= GOAL OF THE EXERCISE =
An exact, complete copy of the data is all that is needed.

= DATA RECORDS =
%%

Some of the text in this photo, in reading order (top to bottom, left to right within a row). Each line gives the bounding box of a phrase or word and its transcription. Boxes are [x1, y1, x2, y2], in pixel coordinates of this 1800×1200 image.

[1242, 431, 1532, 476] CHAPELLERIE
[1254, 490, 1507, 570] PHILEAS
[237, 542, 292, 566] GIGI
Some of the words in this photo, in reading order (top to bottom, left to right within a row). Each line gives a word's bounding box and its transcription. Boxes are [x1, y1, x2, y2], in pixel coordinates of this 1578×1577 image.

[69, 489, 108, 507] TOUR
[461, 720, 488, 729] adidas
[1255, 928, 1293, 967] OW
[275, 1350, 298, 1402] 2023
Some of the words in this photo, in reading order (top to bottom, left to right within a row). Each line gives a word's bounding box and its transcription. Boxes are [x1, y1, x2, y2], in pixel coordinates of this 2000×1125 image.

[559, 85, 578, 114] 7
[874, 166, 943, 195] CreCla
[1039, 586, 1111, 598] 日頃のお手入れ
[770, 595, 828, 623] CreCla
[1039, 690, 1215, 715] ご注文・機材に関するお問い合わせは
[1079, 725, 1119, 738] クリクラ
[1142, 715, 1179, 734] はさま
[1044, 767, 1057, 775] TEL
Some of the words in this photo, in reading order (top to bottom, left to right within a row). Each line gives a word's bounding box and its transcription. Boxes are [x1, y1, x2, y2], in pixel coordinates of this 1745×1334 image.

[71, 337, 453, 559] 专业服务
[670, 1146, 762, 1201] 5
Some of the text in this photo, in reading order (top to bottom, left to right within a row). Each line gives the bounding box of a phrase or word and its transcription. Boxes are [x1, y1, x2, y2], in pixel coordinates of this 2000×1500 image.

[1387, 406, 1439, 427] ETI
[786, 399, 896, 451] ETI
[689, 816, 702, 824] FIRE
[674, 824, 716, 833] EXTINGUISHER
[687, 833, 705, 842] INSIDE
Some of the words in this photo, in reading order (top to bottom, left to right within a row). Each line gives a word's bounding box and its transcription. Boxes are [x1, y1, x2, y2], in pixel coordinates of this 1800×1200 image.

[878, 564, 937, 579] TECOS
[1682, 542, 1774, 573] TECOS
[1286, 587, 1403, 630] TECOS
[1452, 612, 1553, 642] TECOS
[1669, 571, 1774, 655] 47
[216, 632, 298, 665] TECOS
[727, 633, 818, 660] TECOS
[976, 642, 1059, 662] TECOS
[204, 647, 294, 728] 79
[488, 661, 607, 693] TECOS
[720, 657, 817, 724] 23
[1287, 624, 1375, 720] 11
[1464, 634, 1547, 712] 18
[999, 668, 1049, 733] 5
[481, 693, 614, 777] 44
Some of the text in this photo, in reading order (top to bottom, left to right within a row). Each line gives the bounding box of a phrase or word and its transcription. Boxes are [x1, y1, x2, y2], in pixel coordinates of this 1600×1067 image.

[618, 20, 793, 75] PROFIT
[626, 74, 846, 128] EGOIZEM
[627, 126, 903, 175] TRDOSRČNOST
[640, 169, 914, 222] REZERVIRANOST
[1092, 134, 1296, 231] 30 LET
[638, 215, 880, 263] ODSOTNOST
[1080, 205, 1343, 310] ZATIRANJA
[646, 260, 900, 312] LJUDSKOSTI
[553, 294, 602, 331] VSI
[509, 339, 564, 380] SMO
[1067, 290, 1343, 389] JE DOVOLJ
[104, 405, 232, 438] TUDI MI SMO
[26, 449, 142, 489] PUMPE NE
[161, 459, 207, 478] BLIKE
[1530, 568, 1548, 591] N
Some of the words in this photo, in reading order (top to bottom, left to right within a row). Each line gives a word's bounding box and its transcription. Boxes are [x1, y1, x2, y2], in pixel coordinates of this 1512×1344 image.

%%

= SOLUTION =
Some of the text in this photo, in reading order (top to bottom, left to right within a row). Each line gives the bounding box of a phrase or word and its transcription. Boxes are [x1, y1, x2, y2], in pixel coordinates of this 1800×1200 image.

[1242, 431, 1532, 476] CHAPELLERIE
[1254, 490, 1507, 570] PHILEAS
[237, 542, 292, 566] GIGI
Some of the words in this photo, in reading order (top to bottom, left to right within a row). Each line gives a word's bounding box and its transcription. Boxes are [x1, y1, x2, y2], in pixel coordinates of this 1578×1577 image.

[69, 489, 108, 507] TOUR
[461, 720, 488, 729] adidas
[1255, 928, 1293, 967] OW
[275, 1350, 298, 1402] 2023
Some of the words in this photo, in reading order (top to bottom, left to right within a row). Each line gives a word's bounding box and its transcription. Boxes are [x1, y1, x2, y2], in pixel coordinates of this 2000×1125 image.

[559, 85, 578, 114] 7
[874, 166, 943, 195] CreCla
[1039, 586, 1111, 598] 日頃のお手入れ
[770, 595, 828, 623] CreCla
[1039, 690, 1215, 715] ご注文・機材に関するお問い合わせは
[1079, 725, 1119, 738] クリクラ
[1142, 715, 1179, 734] はさま
[1044, 767, 1057, 775] TEL
Some of the words in this photo, in reading order (top to bottom, left to right within a row). Each line gives a word's bounding box and its transcription. Boxes are [x1, y1, x2, y2], in pixel coordinates of this 1745×1334 image.

[71, 337, 453, 559] 专业服务
[670, 1146, 762, 1201] 5
Some of the text in this photo, in reading order (top to bottom, left to right within a row). Each line gives the bounding box of a phrase or word and its transcription. Boxes are [x1, y1, x2, y2], in pixel coordinates of this 2000×1500 image.

[1387, 406, 1439, 427] ETI
[786, 399, 896, 451] ETI
[689, 816, 702, 824] FIRE
[674, 824, 716, 833] EXTINGUISHER
[687, 833, 705, 842] INSIDE
Some of the words in this photo, in reading order (top to bottom, left to right within a row). Each line gives a word's bounding box and its transcription. Boxes are [x1, y1, x2, y2], in pixel coordinates of this 1800×1200 image.

[878, 564, 937, 579] TECOS
[1682, 542, 1774, 573] TECOS
[1286, 587, 1403, 630] TECOS
[1452, 612, 1553, 642] TECOS
[1669, 571, 1774, 655] 47
[216, 632, 298, 665] TECOS
[727, 633, 818, 660] TECOS
[976, 642, 1059, 662] TECOS
[204, 647, 294, 728] 79
[488, 661, 607, 693] TECOS
[720, 657, 817, 724] 23
[1287, 624, 1375, 720] 11
[1464, 634, 1547, 712] 18
[999, 668, 1049, 733] 5
[481, 693, 614, 777] 44
Some of the text in this photo, in reading order (top to bottom, left to right within a row). Each line gives the bounding box of a phrase or word and its transcription. Boxes are [x1, y1, x2, y2], in pixel coordinates of this 1600×1067 image.

[618, 20, 793, 75] PROFIT
[626, 74, 846, 128] EGOIZEM
[627, 126, 903, 175] TRDOSRČNOST
[640, 169, 914, 222] REZERVIRANOST
[1092, 134, 1296, 231] 30 LET
[638, 215, 880, 263] ODSOTNOST
[1080, 205, 1343, 310] ZATIRANJA
[646, 260, 900, 312] LJUDSKOSTI
[553, 294, 602, 331] VSI
[509, 339, 564, 380] SMO
[1067, 290, 1343, 389] JE DOVOLJ
[104, 405, 232, 438] TUDI MI SMO
[26, 449, 142, 489] PUMPE NE
[161, 459, 207, 478] BLIKE
[1530, 568, 1548, 591] N
Some of the words in this photo, in reading order (top to bottom, left to right within a row). Each line gives a word's bounding box and its transcription. Boxes are [x1, y1, x2, y2], in pixel coordinates of this 1512×1344 image.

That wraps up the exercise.